■ Work task ■
Locate the line that contains "this 1200×1600 image.". Print it and every subsequent line through the final line of the records, exactly and only those.

[Data for review — start]

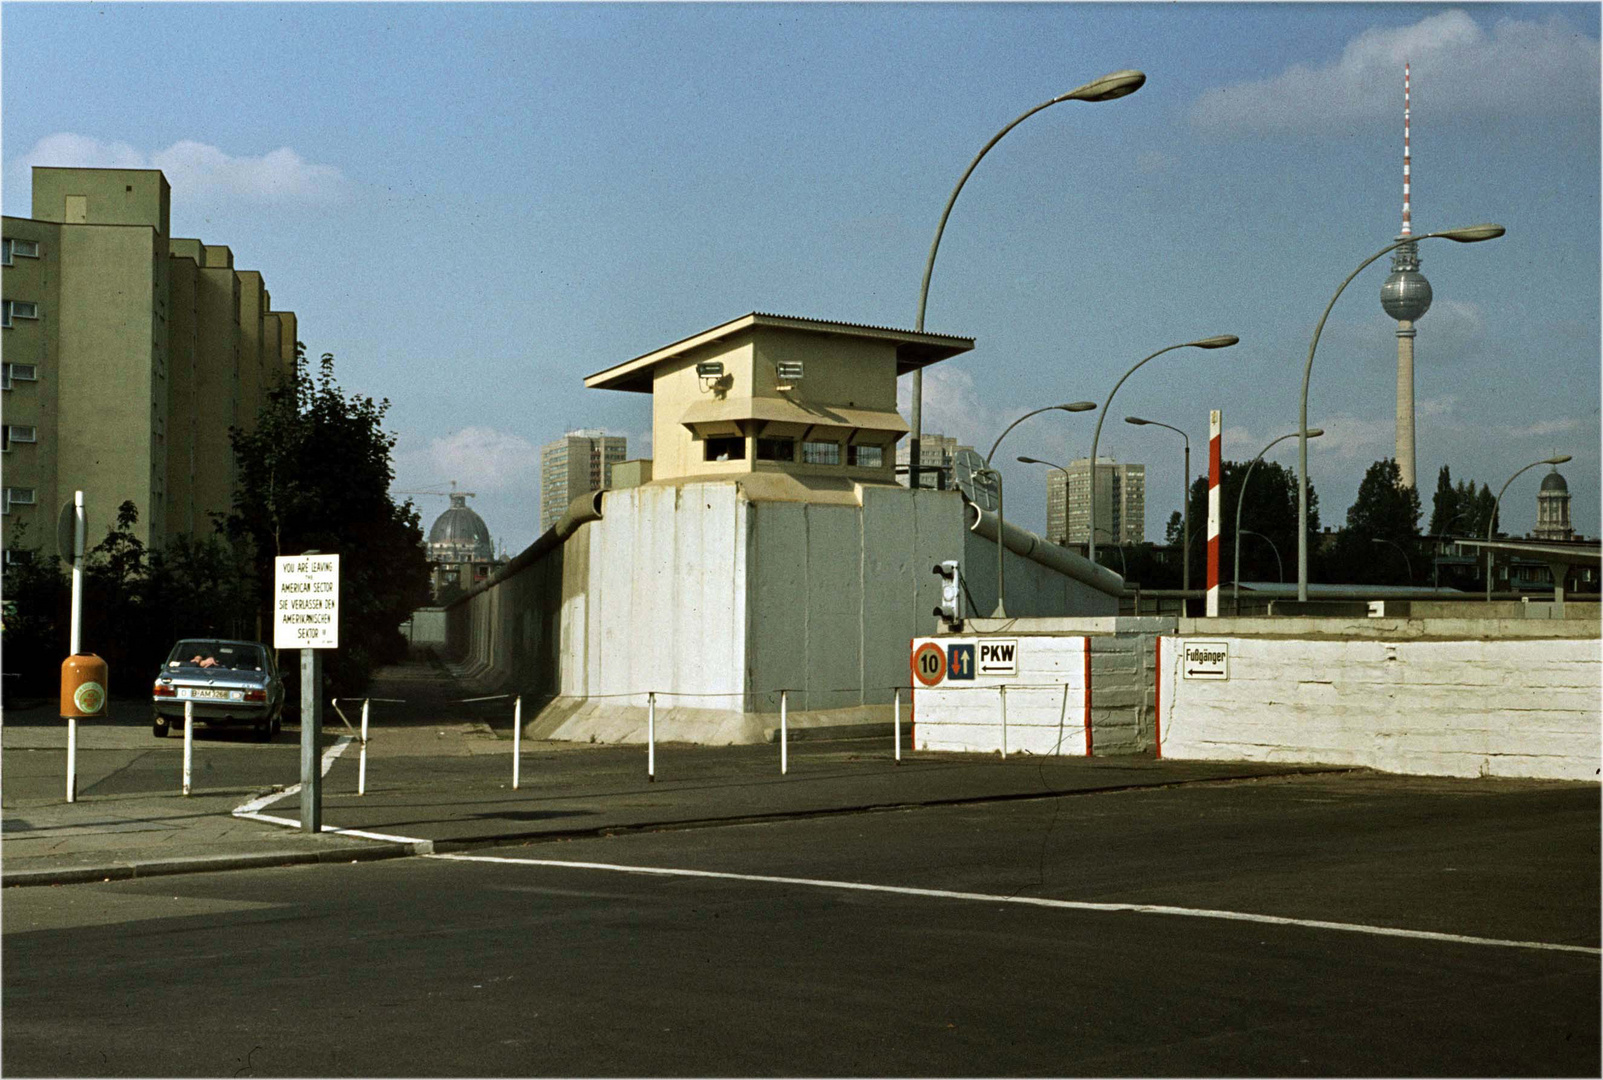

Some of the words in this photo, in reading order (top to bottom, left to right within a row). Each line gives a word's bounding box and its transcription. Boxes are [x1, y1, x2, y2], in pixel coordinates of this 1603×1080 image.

[283, 563, 294, 573] YOU
[297, 562, 308, 572] ARE
[311, 562, 332, 572] LEAVING
[281, 583, 310, 593] AMERICAN
[313, 582, 333, 593] SECTOR
[279, 599, 288, 609] SIE
[291, 599, 322, 609] VERLASSEN
[325, 599, 335, 609] DEN
[282, 614, 331, 624] AMERIKANISCHEN
[298, 628, 318, 638] SEKTOR
[981, 645, 1015, 662] PKW
[1186, 648, 1226, 665] Fußgänger
[921, 654, 939, 673] 10
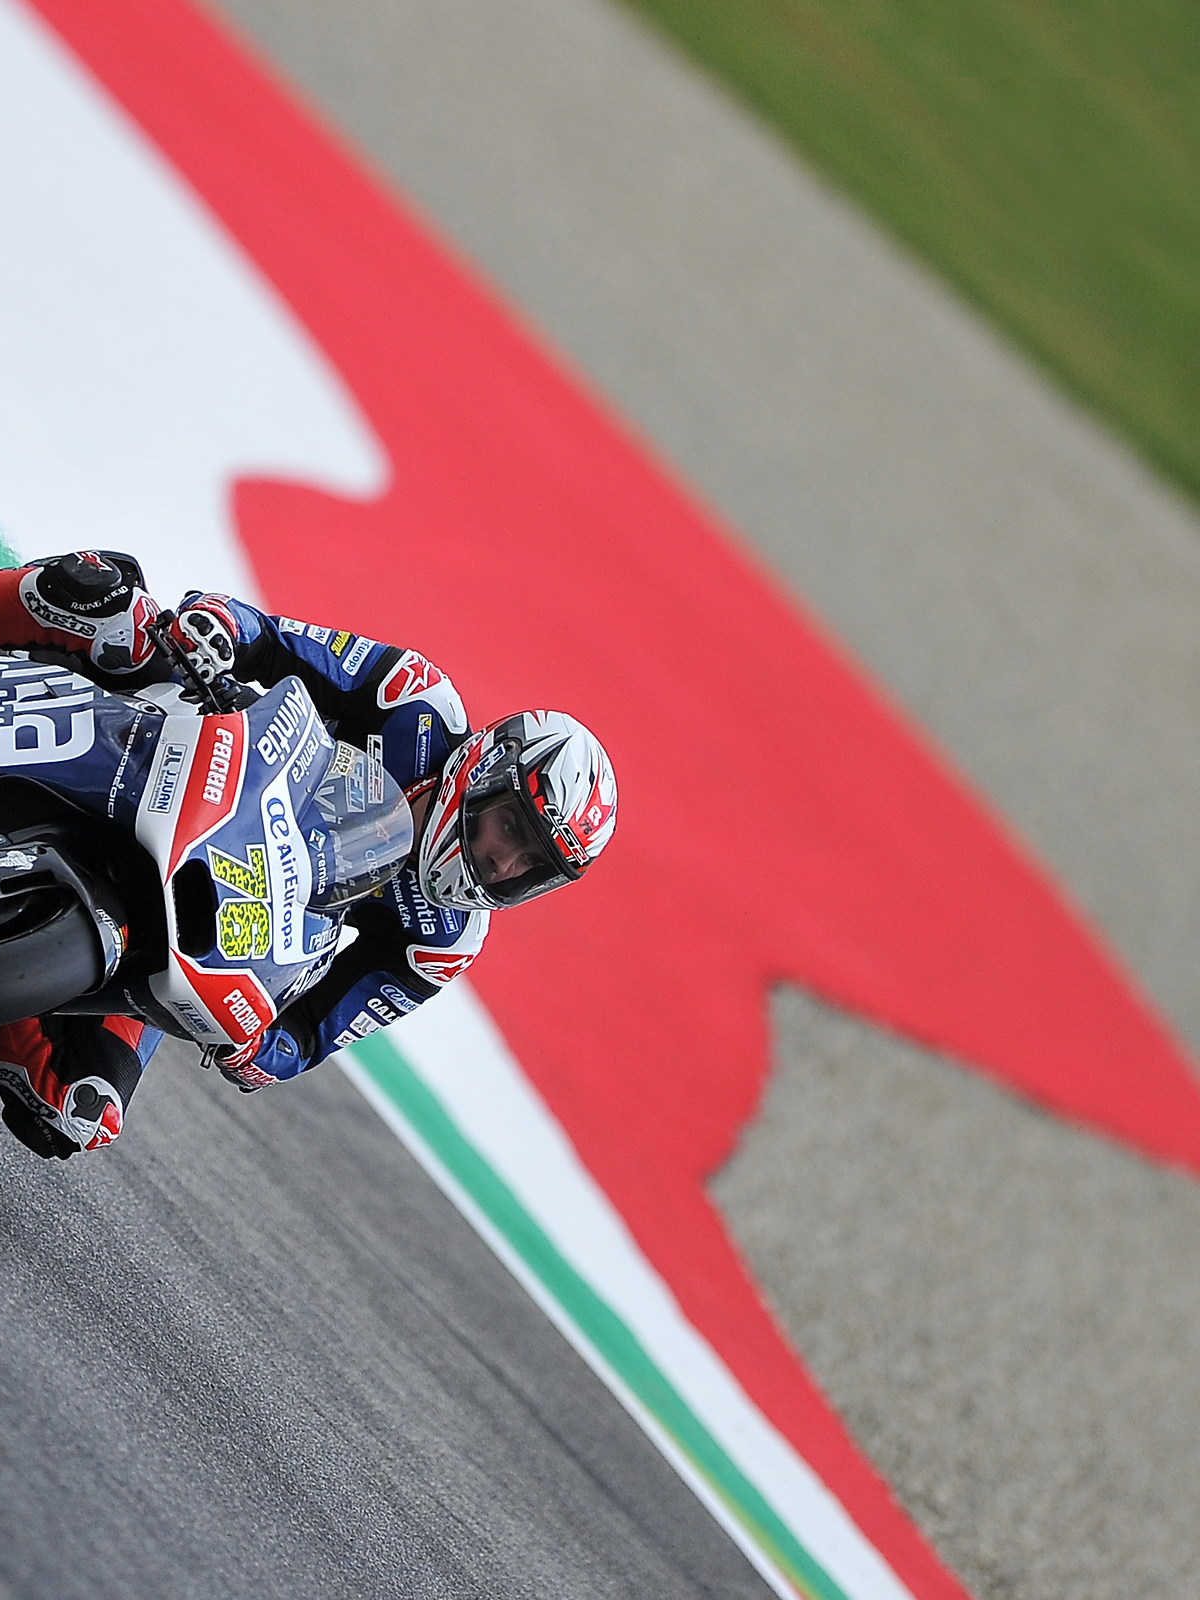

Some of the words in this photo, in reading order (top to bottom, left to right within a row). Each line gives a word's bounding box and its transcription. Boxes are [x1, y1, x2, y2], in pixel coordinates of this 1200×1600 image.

[256, 679, 308, 766] Avintia
[203, 727, 234, 805] PACHA
[316, 852, 329, 895] remica
[544, 803, 590, 865] LS2
[206, 843, 272, 961] 76
[277, 843, 299, 950] AirEuropa

[Data for review — finish]

■ Output below ■
Some of the words in this photo, in reading order (top to bottom, left to right within a row). Each line gives a word's bounding box and its transcription. Boxes are [x1, y1, x2, y2], in pixel coordinates of this 1200×1600 image.

[256, 679, 308, 766] Avintia
[203, 727, 234, 805] PACHA
[316, 852, 329, 895] remica
[544, 803, 590, 865] LS2
[206, 843, 272, 961] 76
[277, 843, 299, 950] AirEuropa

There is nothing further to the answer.